Bab 277 Iblis Takdir

Sunny menahan napas, terpengaruh oleh pemandangan mengerikan di hadapannya.

Mayat itu berlutut di lantai sel kecil, tangannya dirantai ke lantai. Ada lingkaran yang diukir di batu di sekelilingnya, dengan simbol-simbol tak terhitung jumlahnya yang tidak dapat dipahami Sunny.

Namun, lingkaran itu telah putus.
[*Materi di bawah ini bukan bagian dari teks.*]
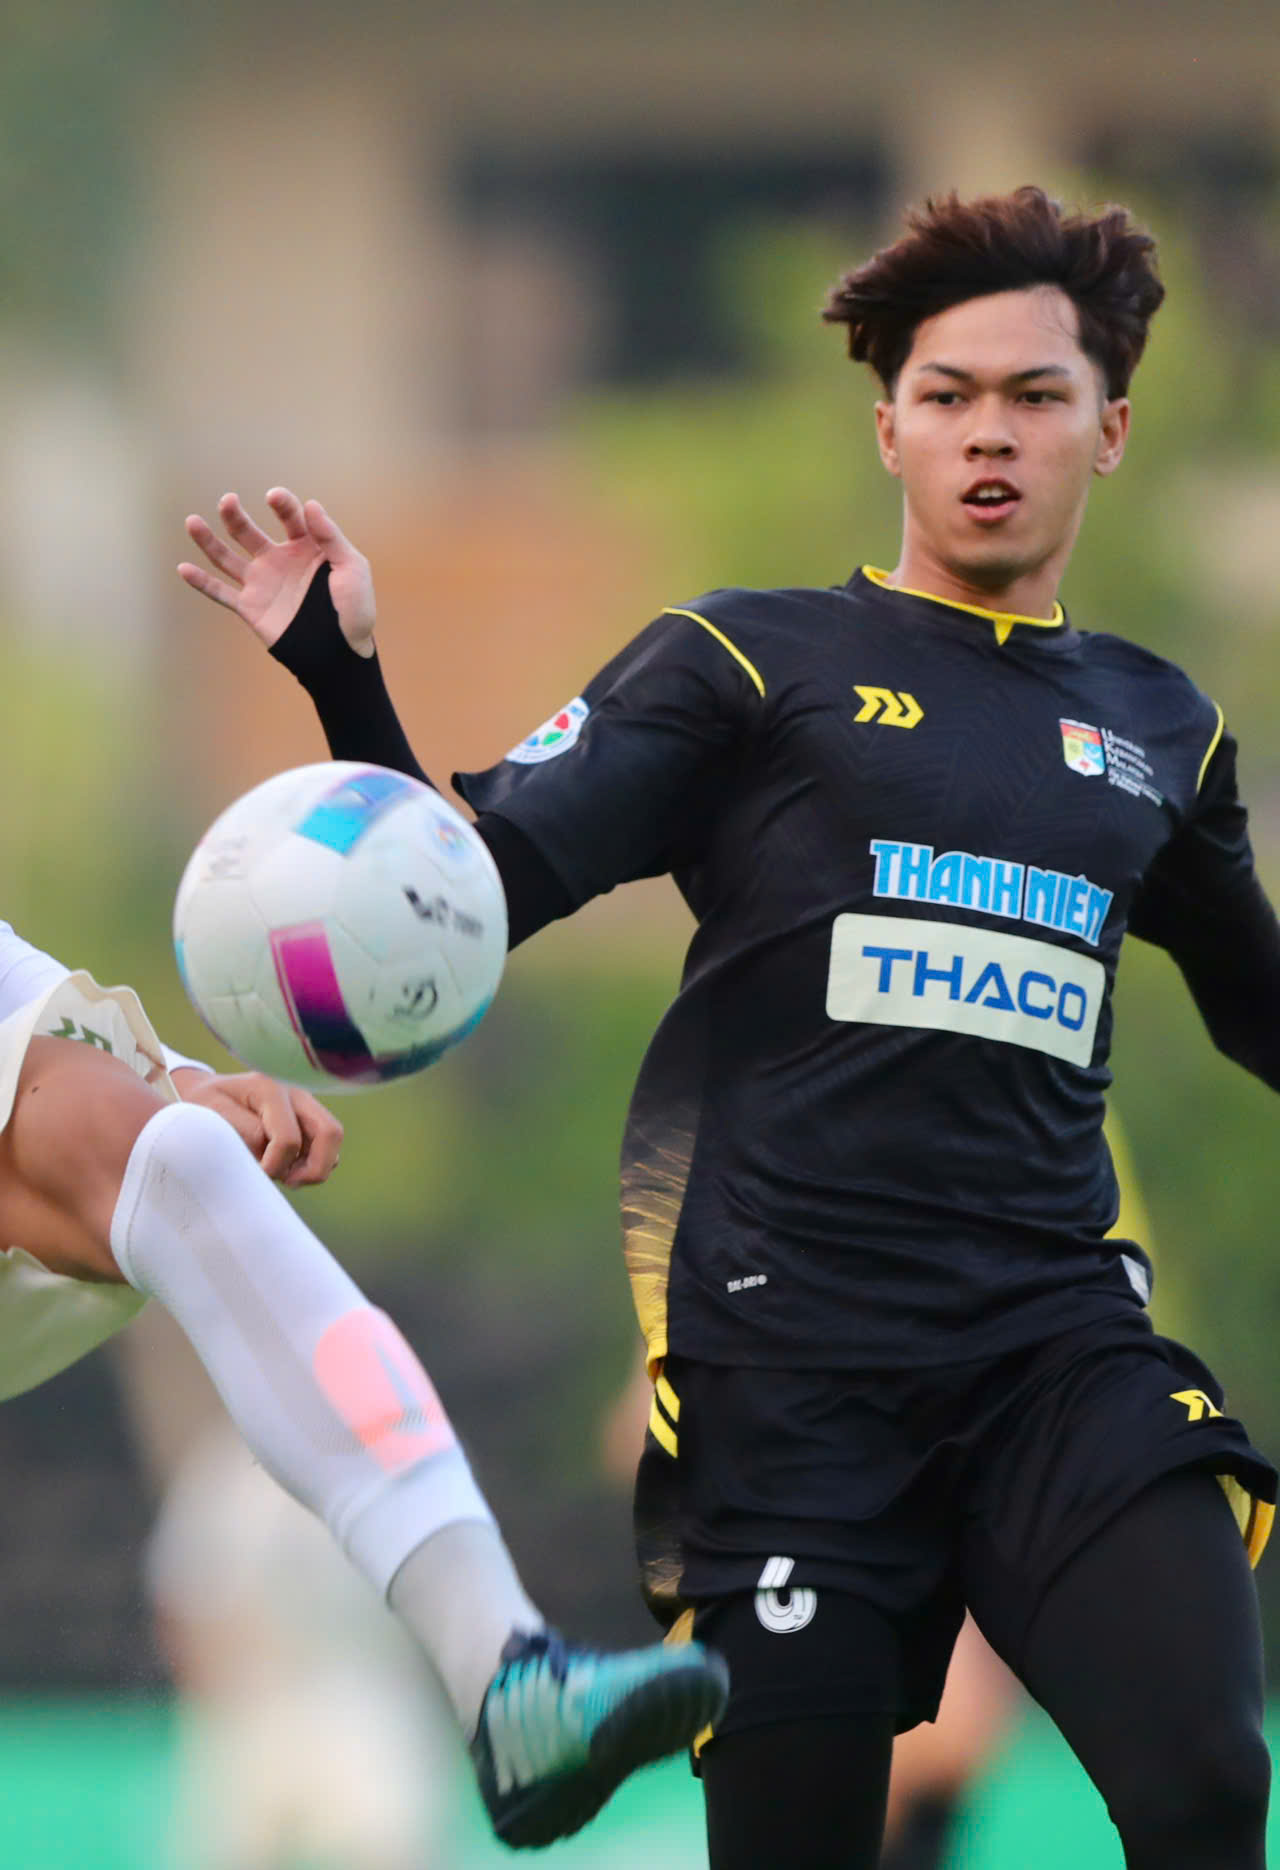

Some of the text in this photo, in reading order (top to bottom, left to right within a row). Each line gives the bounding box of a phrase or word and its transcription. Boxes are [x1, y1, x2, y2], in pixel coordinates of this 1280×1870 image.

Selama ribuan tahun sejak jatuhnya Kota Kegelapan, lantai sel penjara telah retak, dengan beberapa retakan yang memanjang tepat melalui ukiran yang rumit.

Apa pun yang seharusnya ditampung oleh lingkaran itu, entah telah binasa atau melarikan diri sejak lama.

Kini, yang tersisa hanyalah mayat yang layu.

Mendekat, Sunny melihat sekali lagi orang yang dipenjara dan meninggal di bawah reruntuhan katedral, di dalam sel yang terletak tepat di bawah patung dewi tanpa nama itu.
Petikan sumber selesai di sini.